Recordando minha inesquecível sogra Paulina, de saudosas lembranças, que hoje dia 05 de dezembro estaria completando seus 105 anos e como tantos outros aqui desfilados, foi também uma passageira frequente dos trens e, como tal, possuidora de inúmeros episódios vivenciados a nos proporcionar momentos hilariantes, até dramáticos e reflexivos. Dentre a gama de fatos narrados, contou que numa ocasião se viu apavorada, ao passar dias a fio sob tensão, por haver se deixado tomar pelo pavor em tornar-se uma tísica.
Estudando em regime de internato no Colégio Lafayette do Rio de Janeiro, vez que residia numa fazenda nos arredores da localidade de Andrade Pinto (RJ) – toda sexta-feira regressava a casa e no domingo à tarde voltava ao colégio – relembrando sua mãe, recordava-se das recomendações por ela passada, quanto ao cuidado necessário durante às viagens. Entre vários, mencionava o alerta em não conversar com pessoas embarcadas às estações de Paty do Alferes e Miguel Pereira, pois estas cidades eram tidas como locais de muitos tuberculosos, que as procuravam no intuito da cura pelas prescrições médicas dado o clima bem favorável.

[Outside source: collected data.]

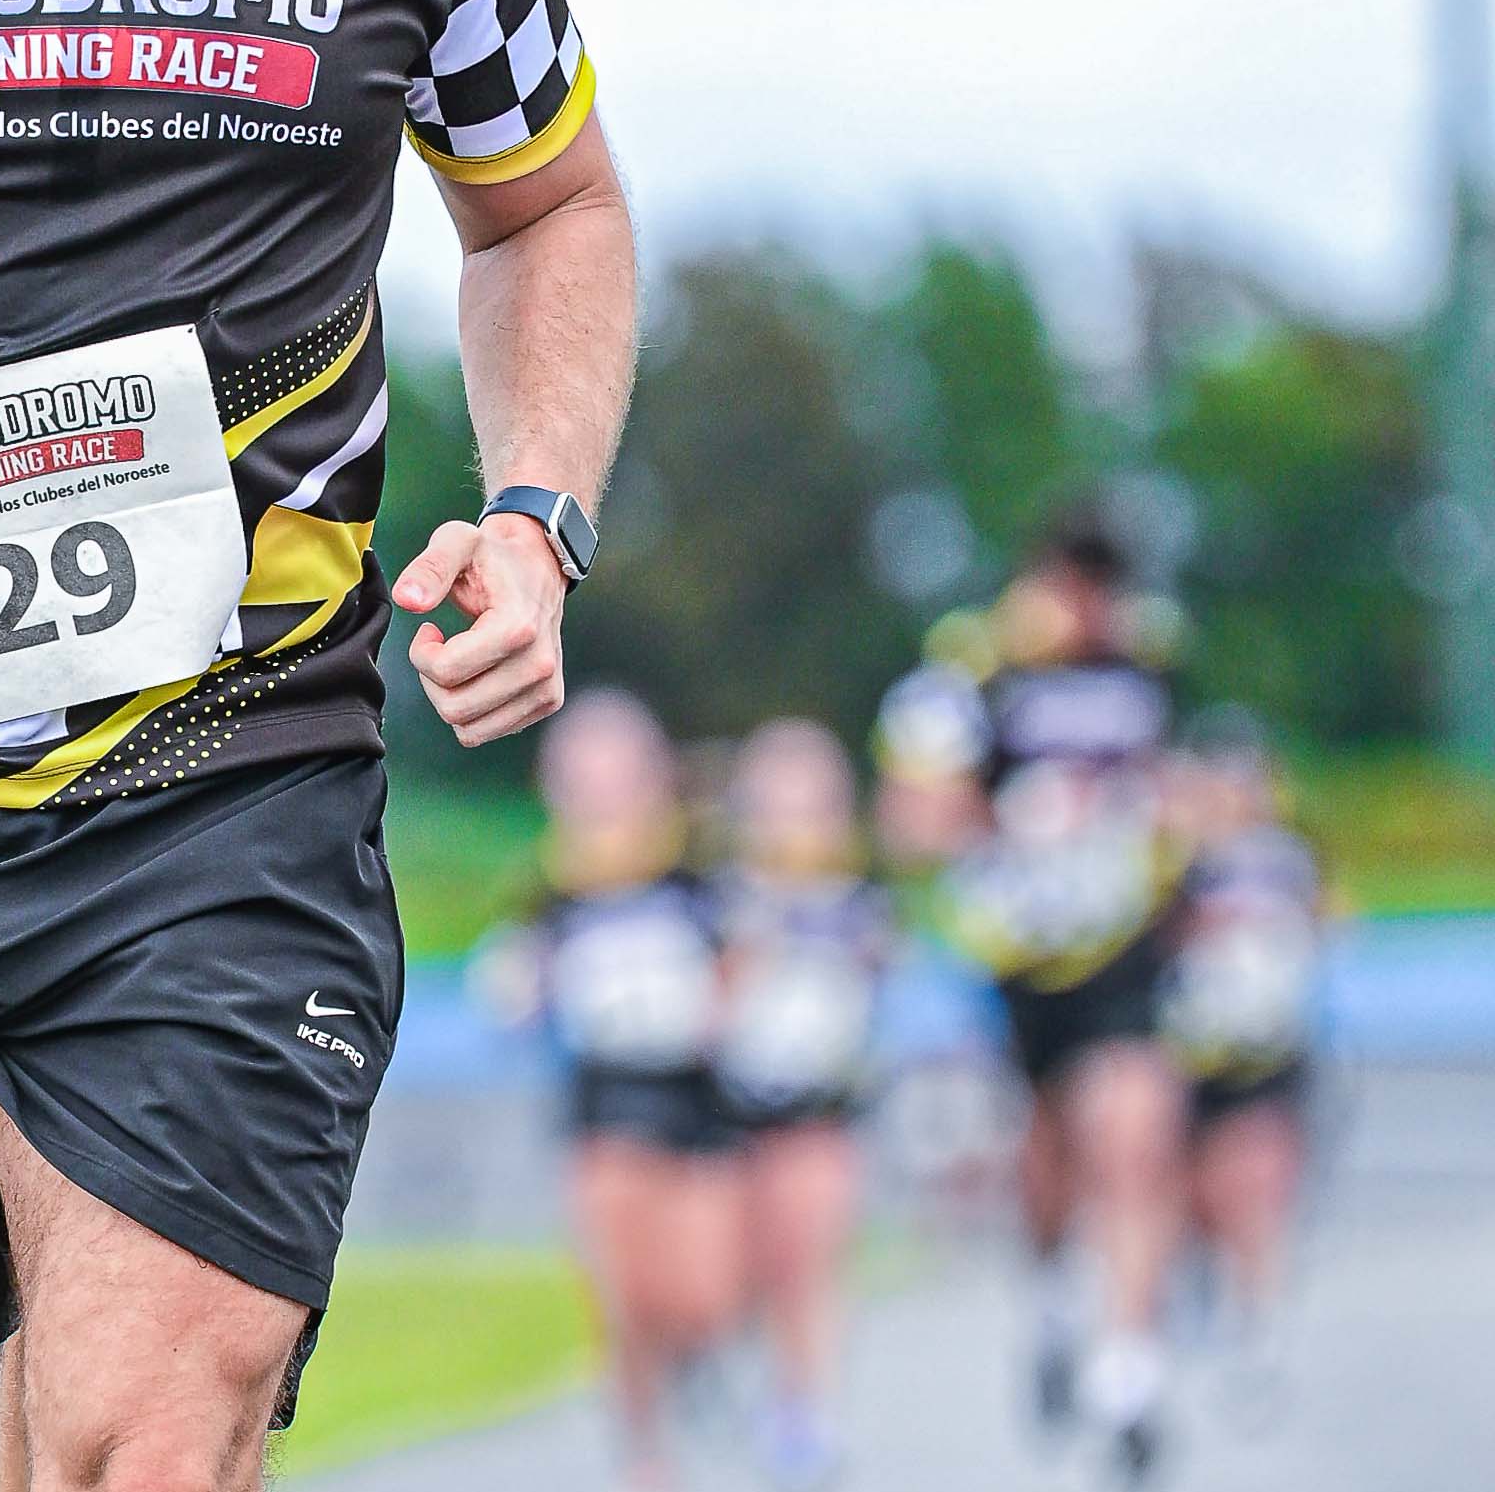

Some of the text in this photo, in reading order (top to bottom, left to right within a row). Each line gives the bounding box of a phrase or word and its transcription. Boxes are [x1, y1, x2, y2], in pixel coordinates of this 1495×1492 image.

[130, 38, 265, 95] RACE
[49, 112, 154, 139] Clubes
[162, 113, 208, 141] del
[219, 114, 343, 147] Noroeste
[50, 436, 117, 468] RACE
[23, 486, 74, 507] Clubes
[77, 475, 101, 494] del
[103, 462, 170, 487] Noroeste
[329, 1037, 365, 1069] PRO

A principal recomendação, é que elevasse o vidro da janela evitando qualquer tipo de contato à plataforma e, se possível, colocasse a mala sobre a poltrona ao lado, no intuito de não permitir que alguém ali embarcado se sentasse, alegando estar o assento ocupado.

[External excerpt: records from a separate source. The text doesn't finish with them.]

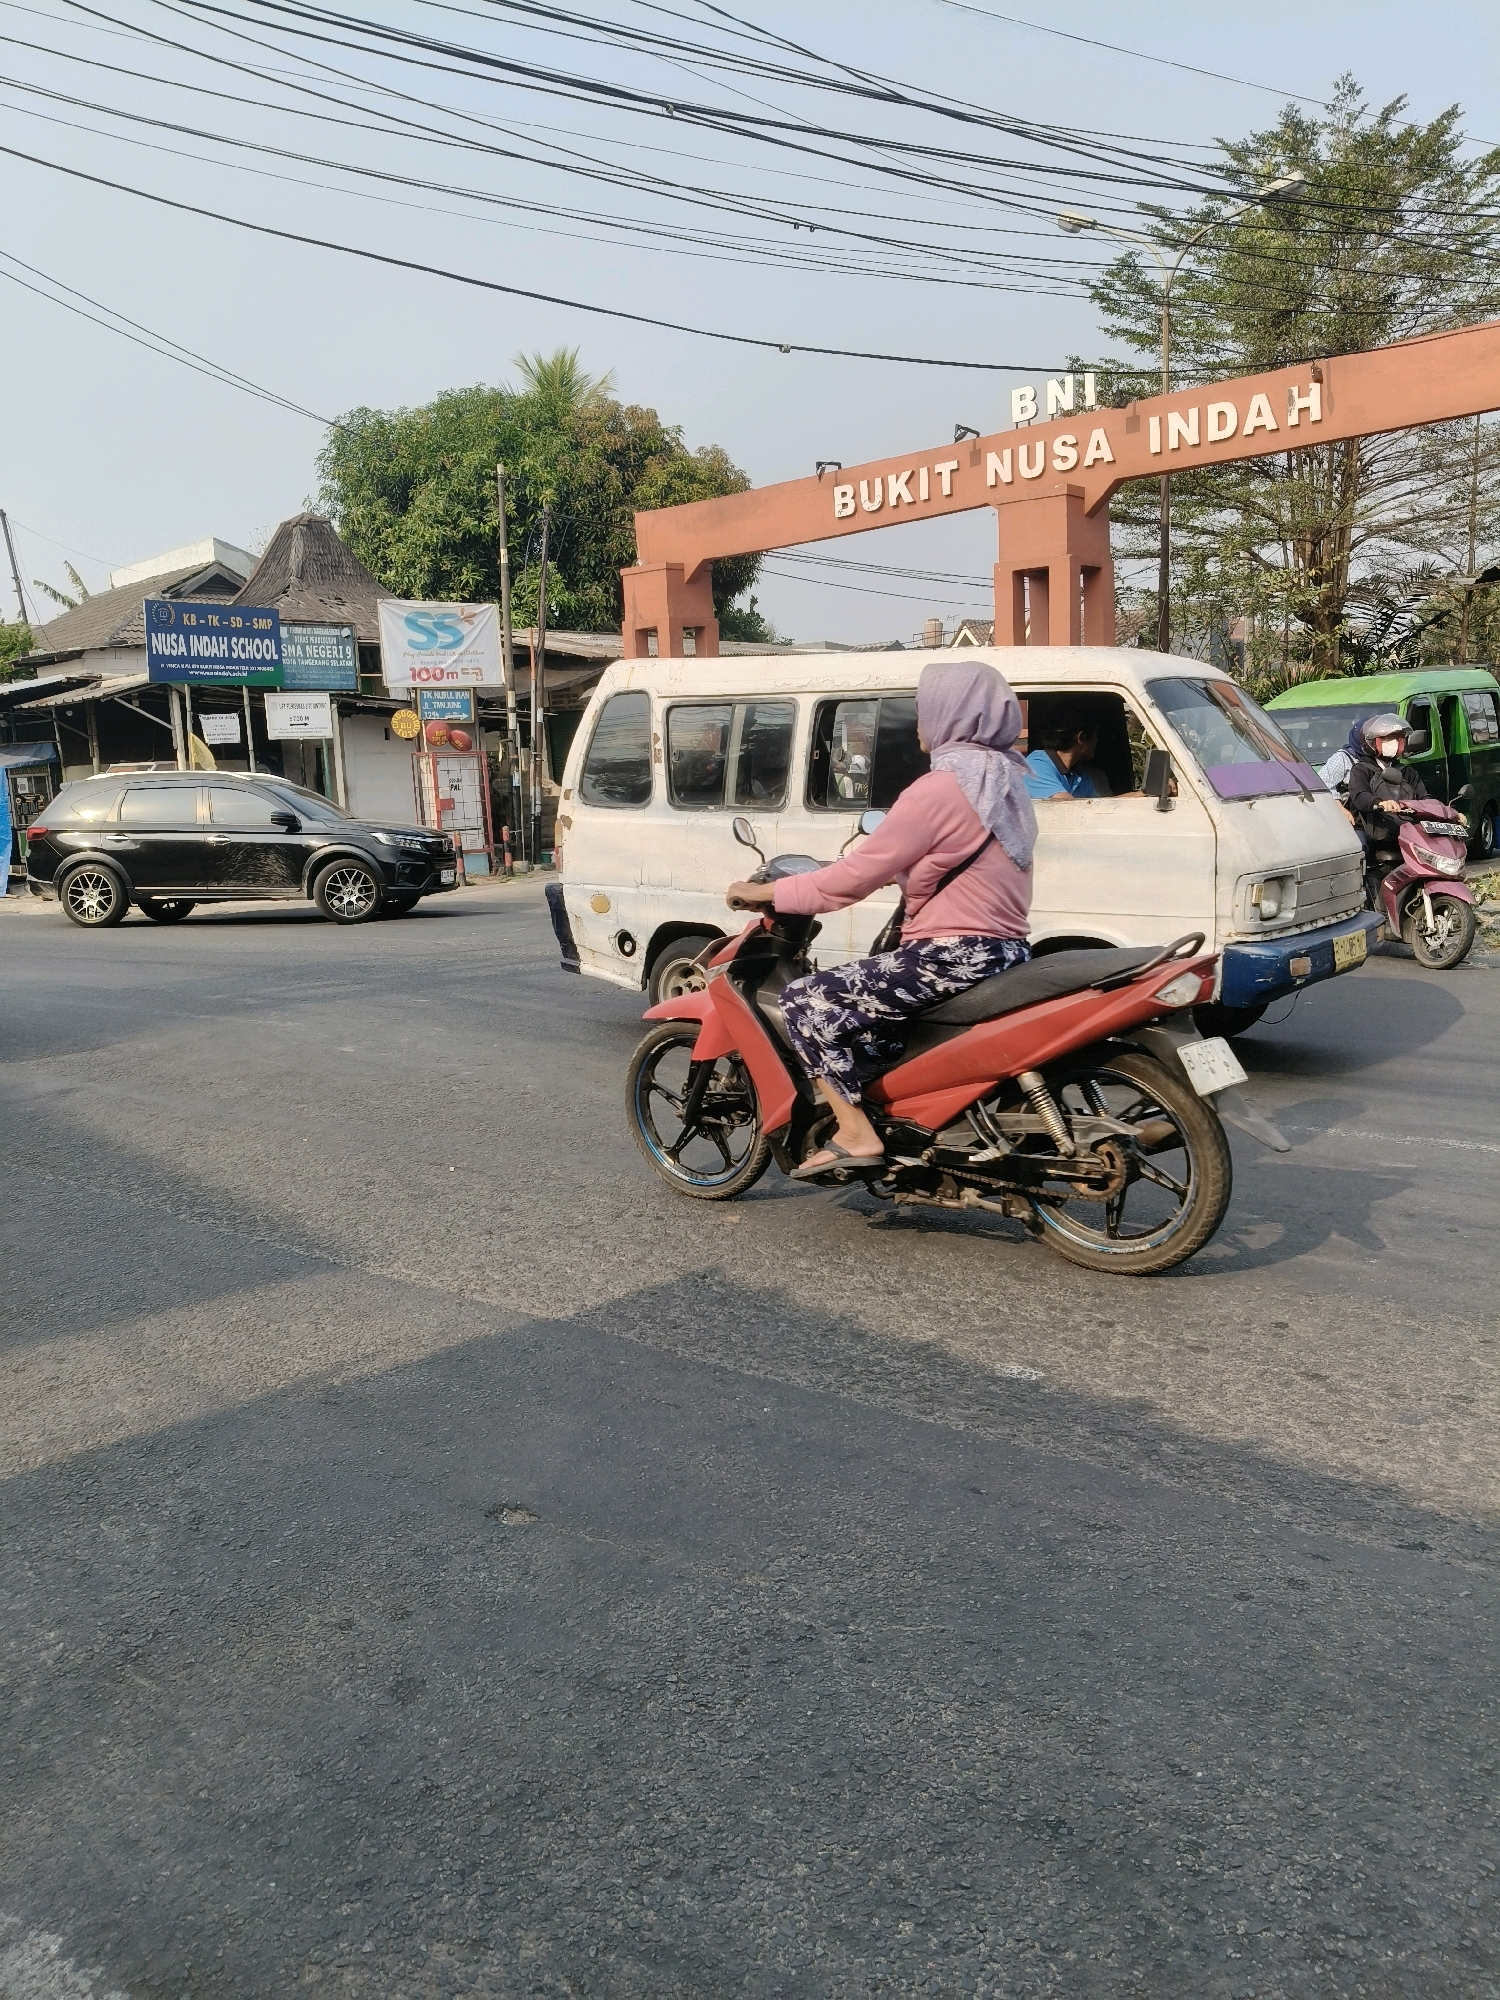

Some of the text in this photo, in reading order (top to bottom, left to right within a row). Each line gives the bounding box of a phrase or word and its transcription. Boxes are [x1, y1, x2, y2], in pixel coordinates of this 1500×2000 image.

[1012, 372, 1099, 424] BNI
[833, 382, 1322, 518] BUKIT NUSA INDAH
[183, 613, 273, 630] KB TK SD SMP
[404, 611, 465, 651] SS
[151, 632, 279, 661] NUSA INDAH SCHOOL
[281, 643, 352, 659] SMA NEGERI 9
[298, 658, 329, 667] TANGERANG
[409, 667, 459, 682] 100 m

Quando o trem parou à localidade de Avelar, antes das cidades preocupantes, uma senhora embarcou e sentou-se ao seu lado sem que a observasse, pois entretia-se com o livro de poesias. Dando conta da mulher, que sorriu ao notar o espanto, trocaram palavras, para logo depois Paulina retomar a leitura e pensar consigo mesma: - Ainda bem que ocupou a poltrona! Em Arcozelo, última estação antes de Paty, o vidro foi erguido como sempre procedia a cumprir a risca as orientações da mãe.
Depois de passar pelas “fatídicas” cidades, mais tranquila, Paulina fecha o seu livro, abaixa o vidro da janela e põe-se a conversar com a mulher serra abaixo, em prosas descontraídas. Entretanto, após passarem pela localidade de Arcádia, penúltima estação antes de Belém (hoje Japeri) onde era efetuada a baldeação ao Rio de Janeiro, a mulher suspirando diz que não via a hora de rever seus parentes, pois há quase quatro meses permanecia afastada deles. Paulina, curiosa, indaga o porquê dessa ausência.

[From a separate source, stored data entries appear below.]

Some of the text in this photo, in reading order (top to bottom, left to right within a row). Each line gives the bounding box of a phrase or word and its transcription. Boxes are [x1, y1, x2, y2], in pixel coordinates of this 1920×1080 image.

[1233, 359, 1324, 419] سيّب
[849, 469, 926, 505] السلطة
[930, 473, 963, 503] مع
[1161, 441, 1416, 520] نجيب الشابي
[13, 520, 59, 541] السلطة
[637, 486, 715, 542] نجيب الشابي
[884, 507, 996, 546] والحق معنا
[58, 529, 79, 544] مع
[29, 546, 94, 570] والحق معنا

Acabrunhada, a mulher responde ser por conta da saúde debilitada. Mostrando-se apreensiva, Paulina pergunta o que a levou à debilidade e preocupa-se ao ouvir a revelação bombástica, de ser pela tuberculose. Encolhendo-se a poltrona a colocar a mão sobre a boca, virando-se para a janela, se pois a chorar sem que desse a perceber, com o uso de seu lencinho. Não tardou, ergueu-se do lugar conduzindo sua mala, dizendo à mulher que iria à varanda, pois Belém estava próximo e queria pegar um bom lugar no expresso para o Rio de Janeiro!
Mesmo tendo passado décadas desse episódio, Paulina não se esqueceu do drama que viveu e ainda o tinha bem vivo à memória. À medida que o tempo passava, menos preocupada de contrair a tuberculose. Seu drama ia se diluindo da mente lhe devolvendo a candura em sua alma e iniciar-se com o romantismo aflorando em seu coração, onde conheceu o jovem Domenechino que a pediu em casamento em 1935 aos 20 anos.